Mentre il Consiglio dei ministri discuterà il "piano casa"
 
il Circolo Nuova Ecologia di Legambiente Genova organizza un presidio venerdi 13 ore 10 davanti alla prefettura in via Roma per manifestare la propria contrarietà ai condoni mascherati e al cemento selvaggio che devasterebbe il Paese.
 
Edilizia: piano straordinario del governo
 
Legambiente: "Si torna agli anni '60, alle deroghe e agli ampliamenti che hanno reso più brutte e insicure le periferie delle città italiane"
"Sembra di tornare alle "Mani sulla città" di Francesco Rosi, al ricordo di come in barba a qualsiasi norma, Piano o Regolamento edilizio negli anni '60 in Italia, speculatori senza scrupoli hanno potuto ampliare, demolire, ricostruire edifici brutti e insicuri" è durissimo il commento di Legambiente sulle indiscrezioni trapelate del Piano del Governo Berlusconi per il rilancio dell'Edilizia.
"Sono pagine di storia del nostro Paese che hanno creato edifici e periferie squallide, dove l'edilizia ha creato ricchezza solo per gli speculatori e case invivibili".

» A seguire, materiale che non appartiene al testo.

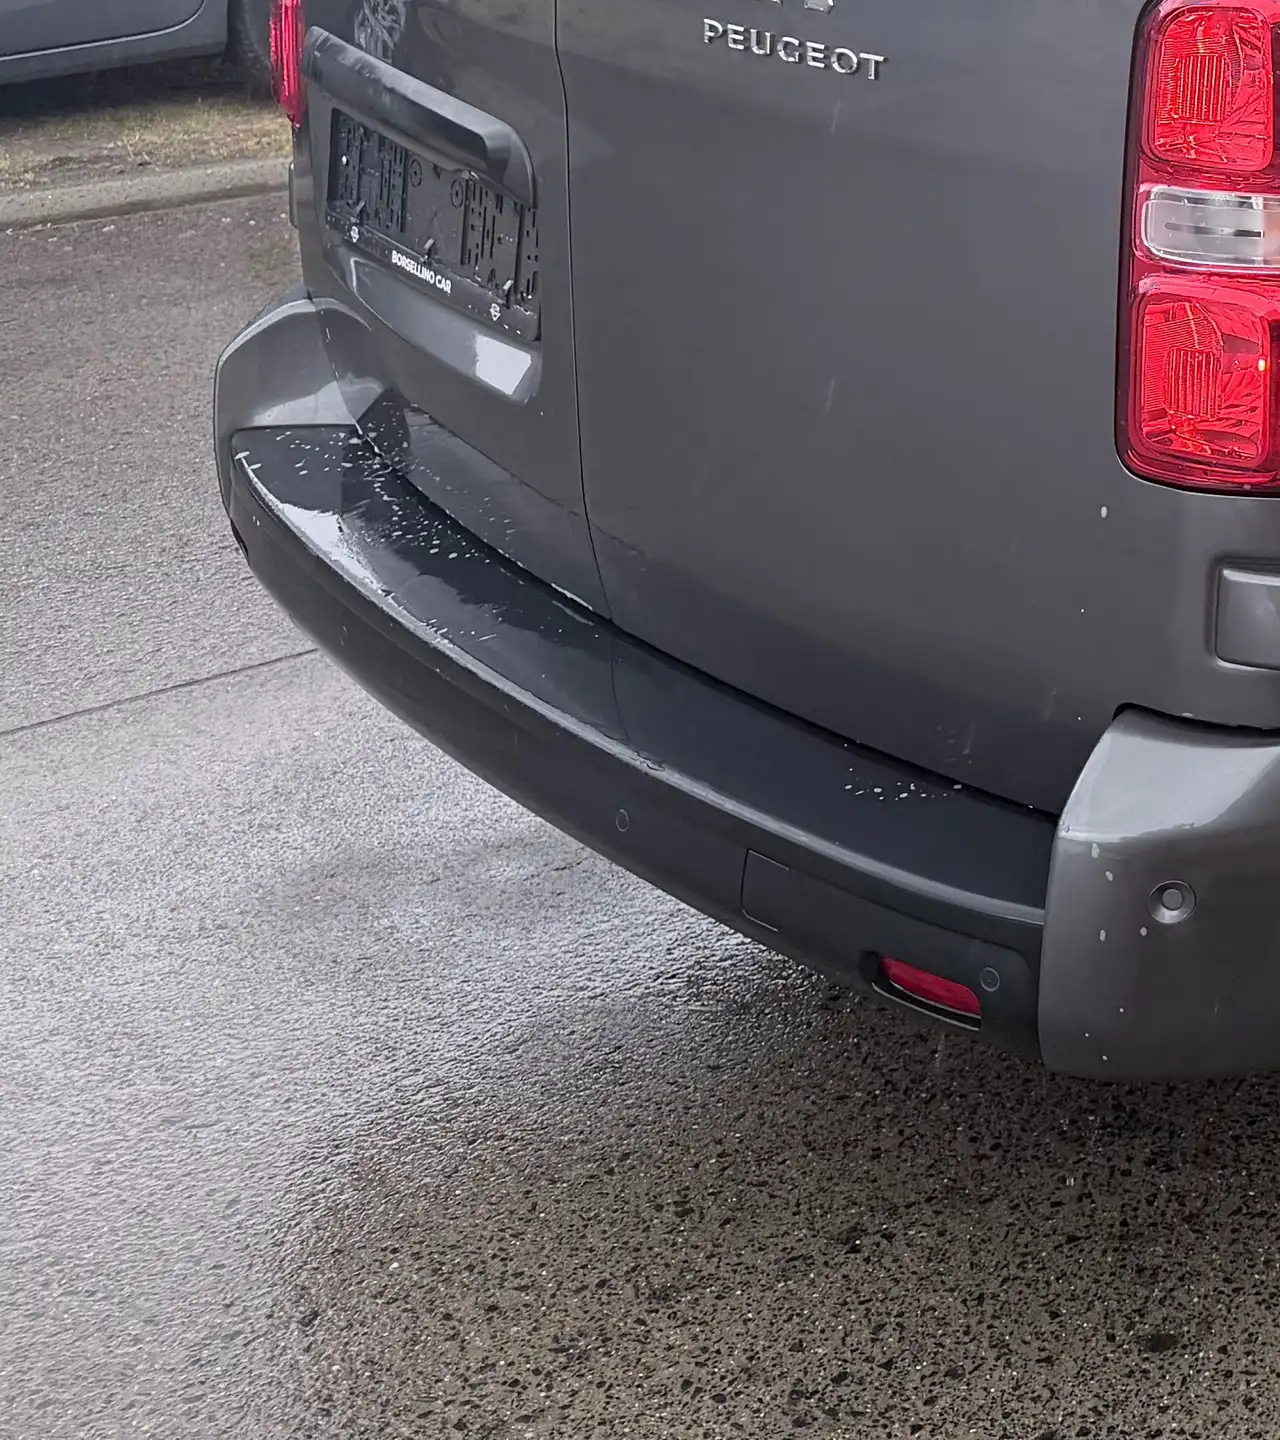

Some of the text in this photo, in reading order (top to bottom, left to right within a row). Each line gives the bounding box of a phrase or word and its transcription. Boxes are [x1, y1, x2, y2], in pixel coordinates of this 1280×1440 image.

[703, 18, 888, 80] PEUGEOT
[391, 250, 452, 294] BORSELLINO CAR

Per Legambiente non è questa la ricetta per rilanciare l'economia e fare dell'edilizia il motore di uno sviluppo economico che sa cogliere le sfide dell'innovazione. "Pensare di premiare con il 20-30% di aumento di cubatura interventi che verrebbero realizzati in deroga a Piani urbanistici e regolamenti edilizi significa rendere più brutte e invivibili le città italiane e premiare gli speculatori - ha dichiarato Edoardo Zanchini, responsabile Urbanistica di Legambiente -. Ritenere che basti un autocertificazione del progettista per garantire sugli interventi vuol dire aver cancellato dalla memoria le tragedie di questi decenni di palazzi crollati, di morti e feriti, dovuti a ampliamenti di edifici realizzati senza aver tenuto in conto i problemi di sicurezza statica. E la proposta di ridurre le sanzioni sembra un condono anticipato per interventi che potranno essere un volano solo per l'edilizia abusiva. Per concludere la genericità degli obiettivi ambientali e energetici è tale da farla sembrare una foglia di fico di provvedimenti che mirano solo a muovere cemento, soprattutto se approvati da parte di un Governo che continua a rinviare l'entrata in vigore della certificazione energetica degli edifici obbligatoria secondo le Direttive europee".
Per Legambiente bisogna guardare agli altri Paesi europei per rilanciare l'economia attraverso l'innovazione del settore edilizio, tutti i governi stanno investendo in green jobs e interventi di qualità a favore dell'ambiente mentre il governo italiano, in modo del tutto miope e sconsiderato, continua a proporre soluzioni di bassissima lega condannando l'Italia alla definitiva distruzione del suo più pregiato e insostituibile patrimonio.